I don’t think he was sitting on the branch he was cutting. They’re trying to say he fell because the branch he was on broke, not because he was intoxicated.
But I know I can easily go boom-boom if I’ve had that much to drink. And I’m a professional!
Libby,
Part of the article did state, “there was evidence the accident may have occurred as a result of the tree branch snapping while (Phillips) was attempting to cut it”
Not terribly bright, unless you are drunk.
I did enjoy reading his argument, “that the Crockers should have known he was intoxicated because they knew he was an alcoholic and that he usually drank while working.”
You might want to clarify…it says your a professional drunk!
:-) PS: I really don’t believe that, though!
Working intoxicated should be grounds for dismissal. Especially in a line of work where the safety of others and property is at high risk.
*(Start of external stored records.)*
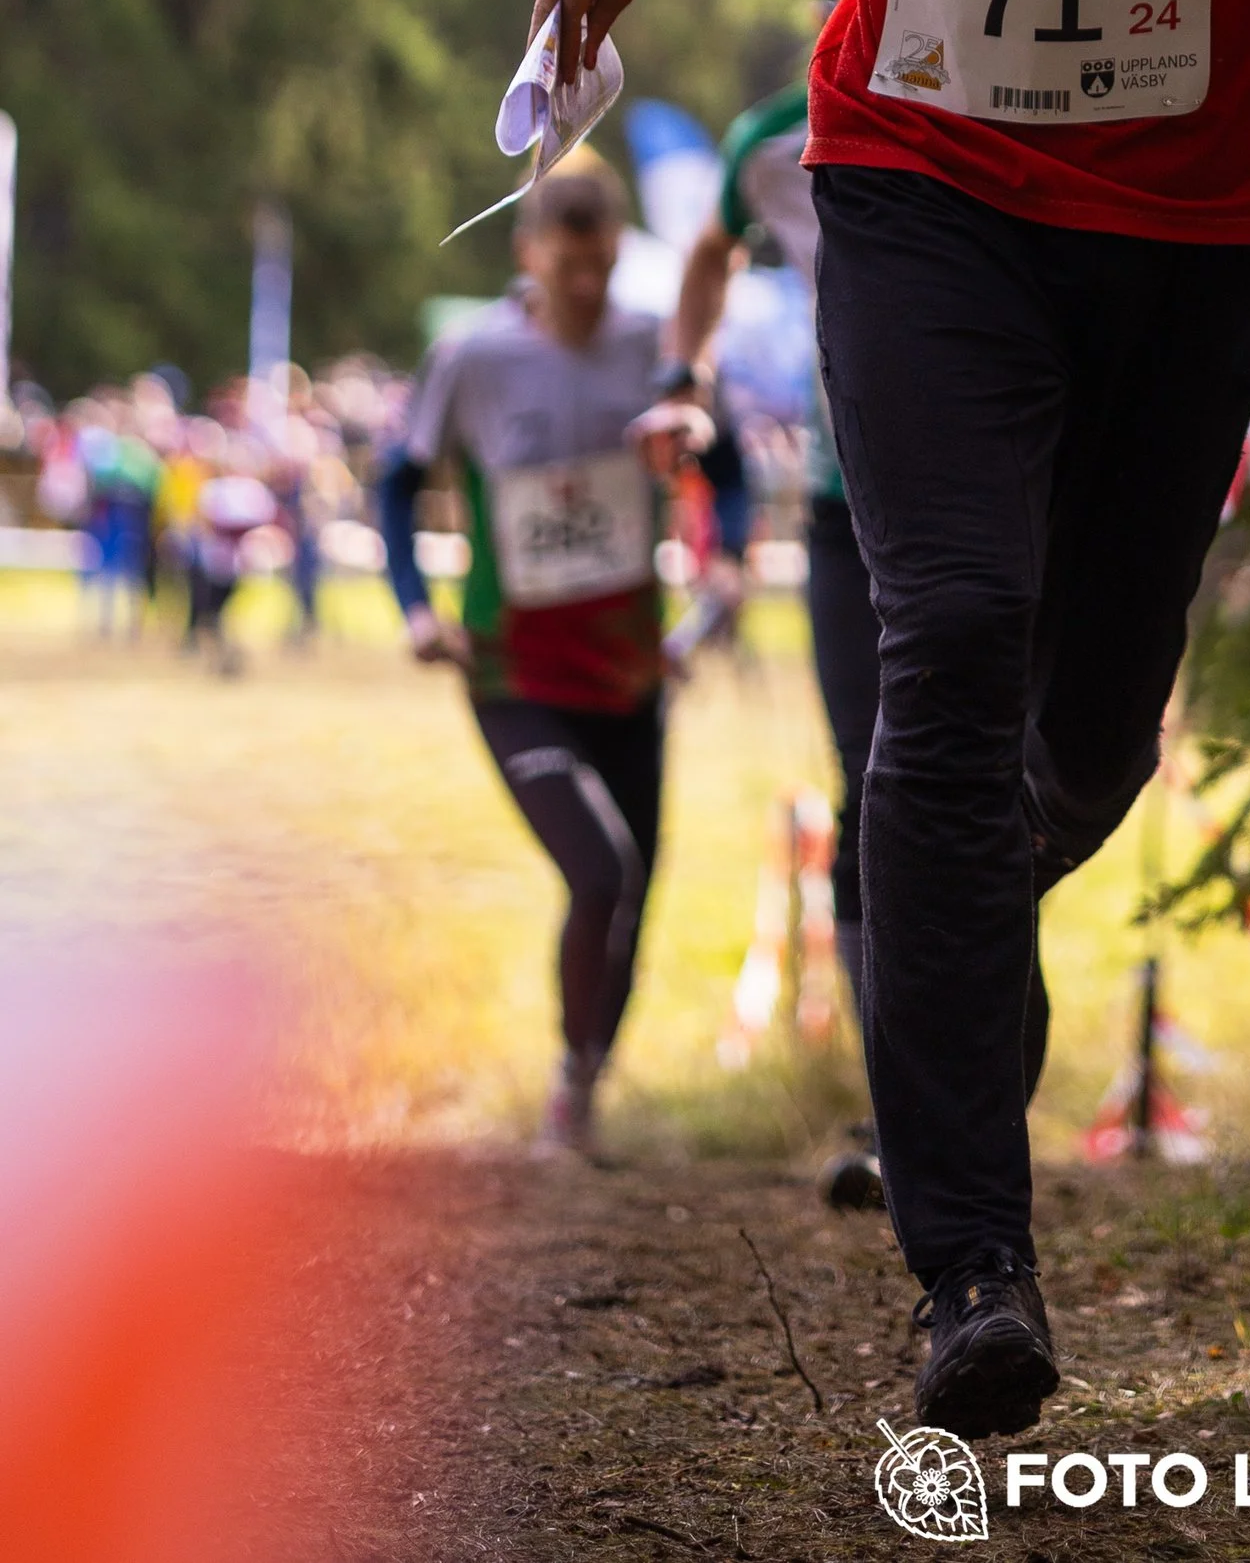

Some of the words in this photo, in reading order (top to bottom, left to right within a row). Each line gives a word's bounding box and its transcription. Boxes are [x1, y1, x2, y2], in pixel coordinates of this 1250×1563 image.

[904, 33, 942, 68] 25
[1120, 53, 1198, 74] UPPLANDS
[1120, 73, 1168, 91] VÄSBY
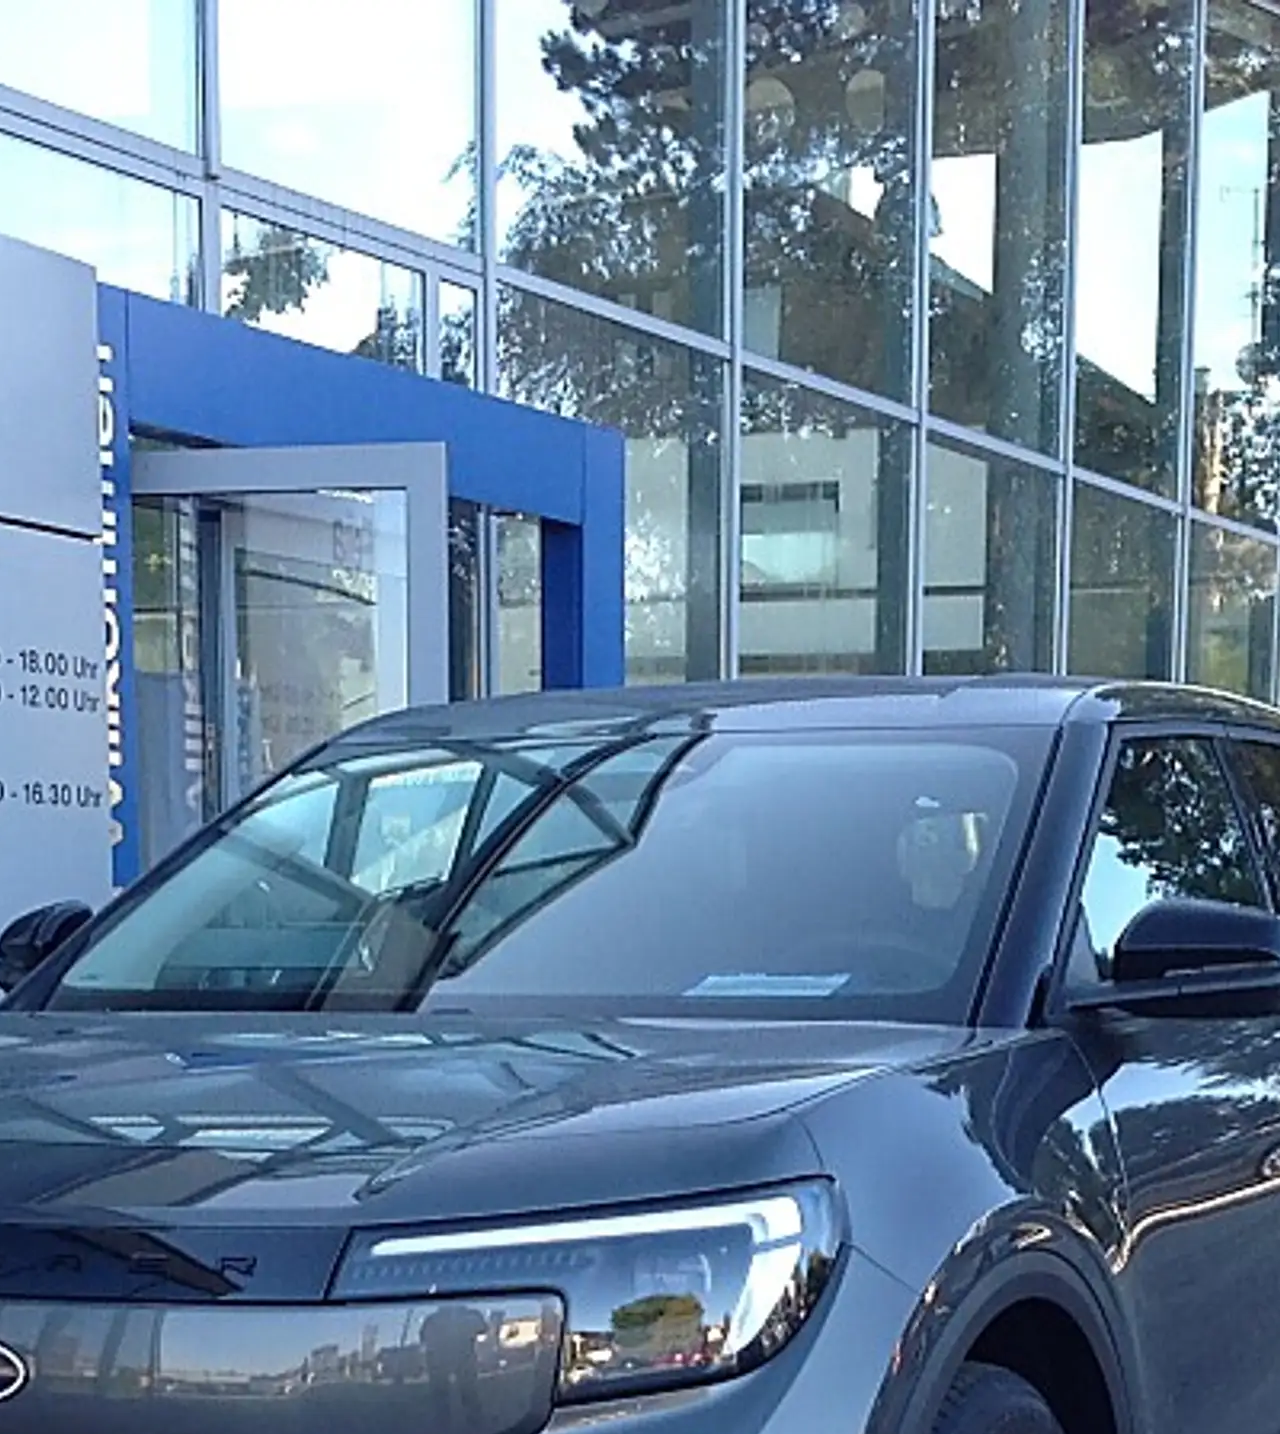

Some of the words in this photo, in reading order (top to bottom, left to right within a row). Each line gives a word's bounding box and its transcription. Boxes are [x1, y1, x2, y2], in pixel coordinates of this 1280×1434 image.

[74, 656, 99, 680] Uhr
[74, 691, 100, 714] Uhr
[24, 783, 71, 807] 16.30
[77, 785, 102, 808] Uhr
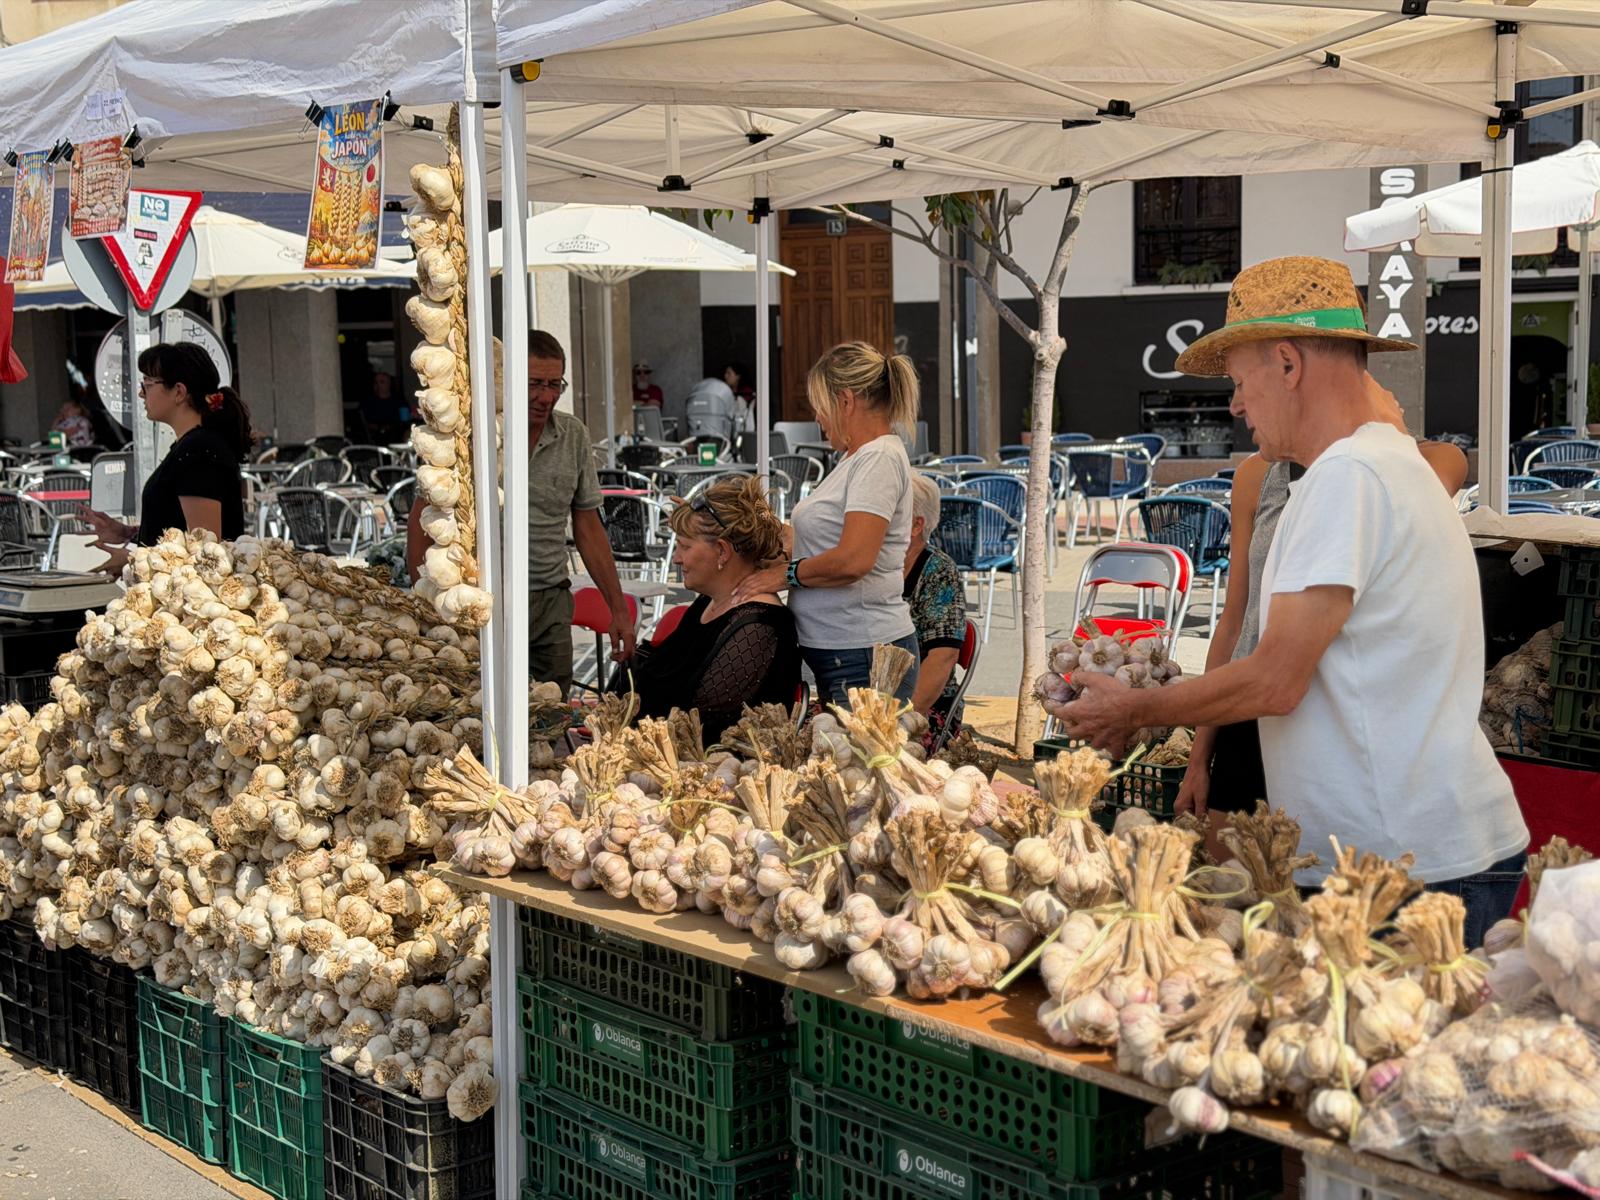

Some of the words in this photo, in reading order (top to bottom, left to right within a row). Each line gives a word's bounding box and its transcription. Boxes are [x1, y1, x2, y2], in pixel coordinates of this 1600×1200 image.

[335, 109, 366, 136] LEÓN
[331, 138, 367, 159] JAPÓN
[144, 197, 165, 212] NO
[831, 221, 844, 233] 13
[1377, 168, 1416, 338] SAYA
[605, 1026, 641, 1051] Oblanca
[610, 1143, 646, 1168] Oblanca
[915, 1156, 966, 1188] Oblanca
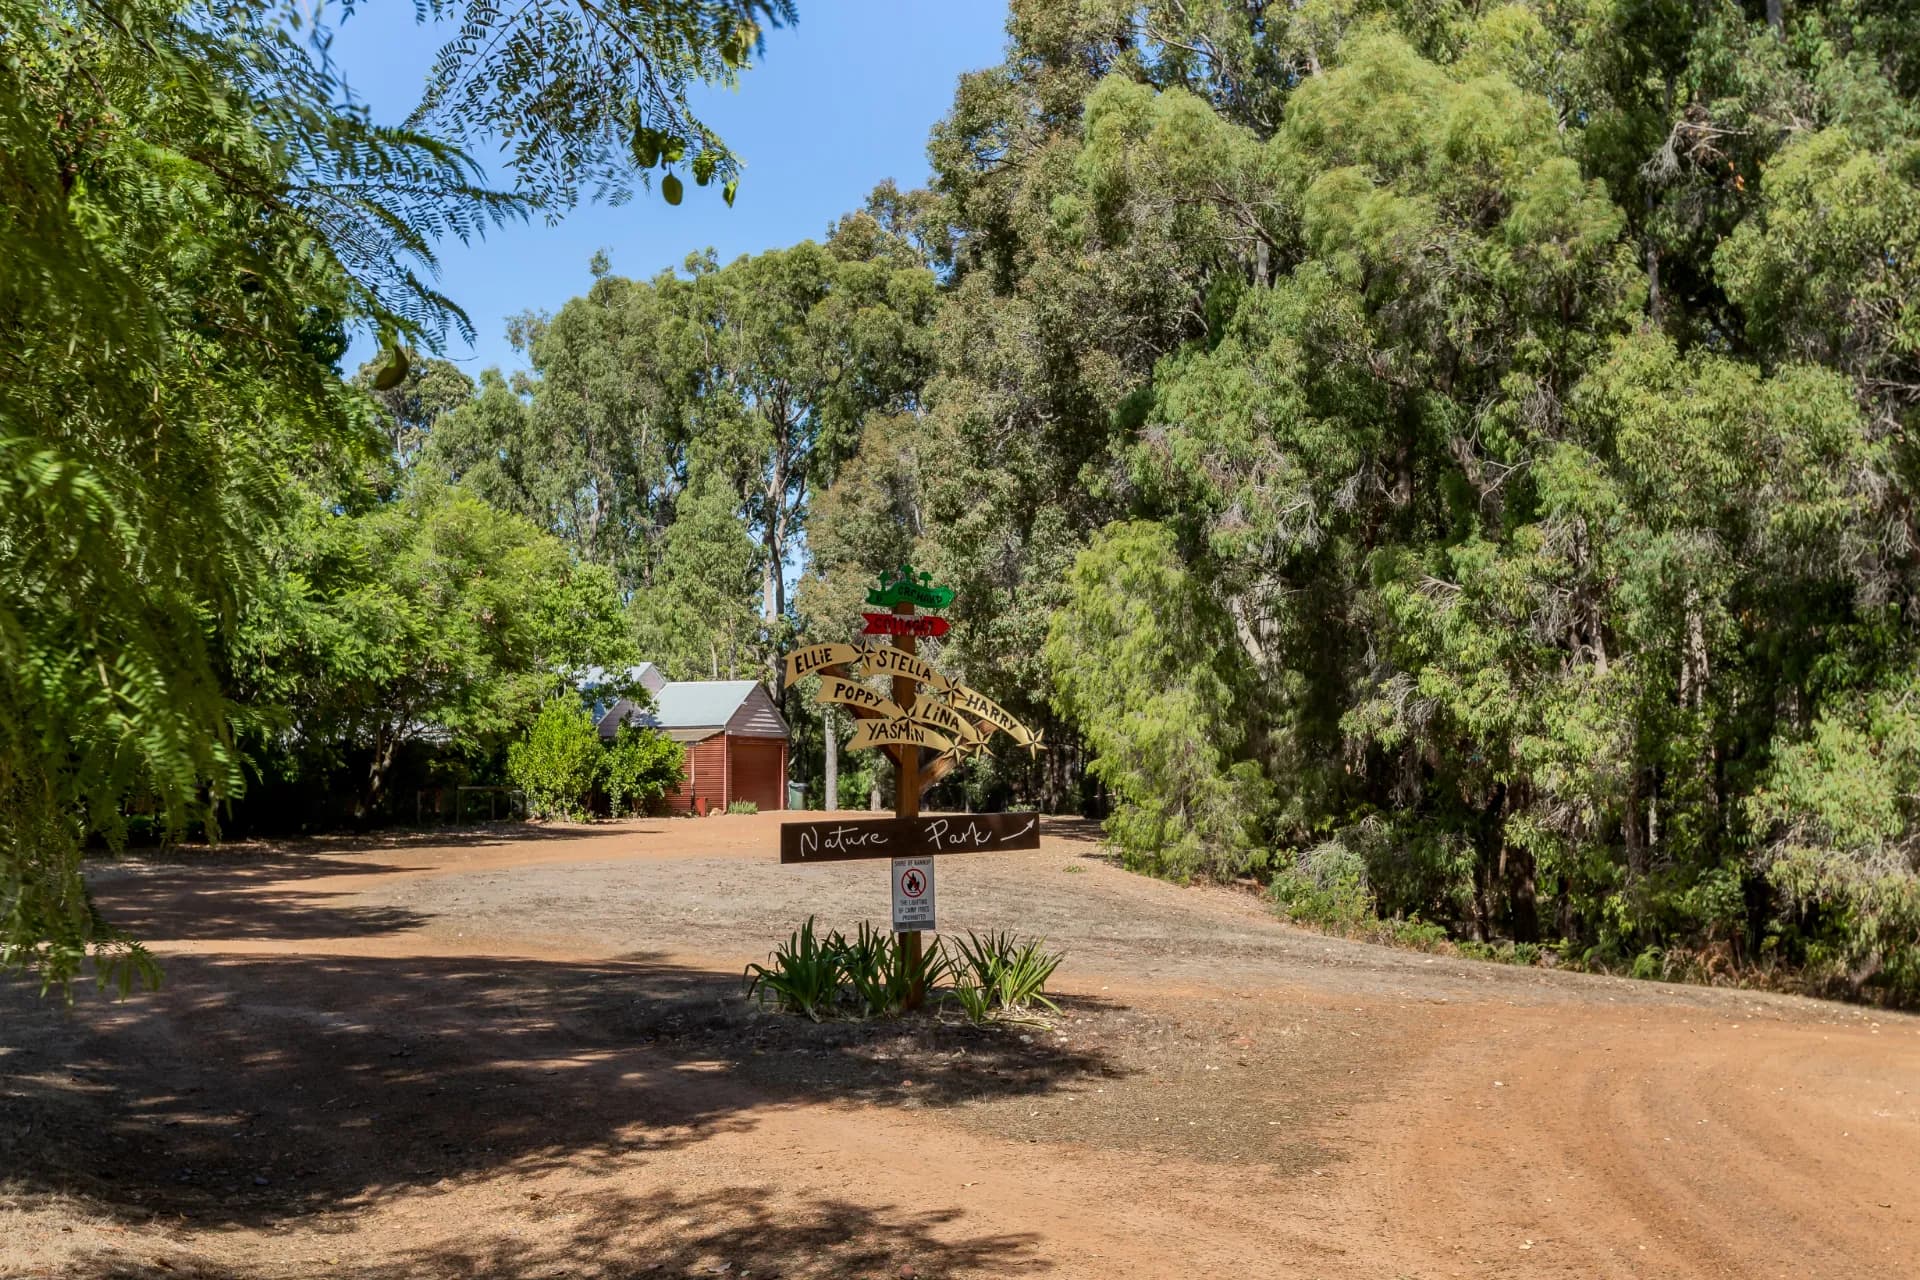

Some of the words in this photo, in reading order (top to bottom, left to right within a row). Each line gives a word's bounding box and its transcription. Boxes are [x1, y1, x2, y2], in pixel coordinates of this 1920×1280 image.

What happens when a drunk fire fighter falls through the roof of a burning building? He didn’t fall because he was drunk but because the fire burned through the roof????
Bit of an exageration, but you get what I mean………
As in California Workers’Comp, it appears the basis for this finding is that the intoxication was not the “Proximate Cause” of the injury. Although intoxication should be ground for dismissal (unless of course it was done with the knowledge of and/or condoned by management, etc), it does not bar one from collecting benefits for an injury sustained arising out of, in the course of one employment unless in fact the injury was sustained as a result of the intoxication. Also, if it’s true as stated in this article that they knew he was an alcoholic and that he usually drank while working, even if the intoxication was the proximate cause of injury, the employer would not likely be able to rely on the intoxication defense, as it seems they knowingly permitted him to work in that condition.
In New Hampshire the rule states:
281-A:14 Employee’s Fault. – The employer shall not be liable for any injury to a worker which is caused in whole or in part by the intoxication, as defined in RSA 281-A:2, XII-a, or by the serious and willful misconduct of the worker. The provision as to intoxication shall not apply, however, if the employer knew that the employee was intoxicated
It seems plain to me that the employer/ insurance carrier needs to prove that intoxication contributed to the injury, and that the employer did not know that the employee was intoxicated. This article does not really give us the details. However, I don’t think it is much of a stretch to surmise that when person is climbing a tree while drunk, that intoxication is a contributing cause when he falls.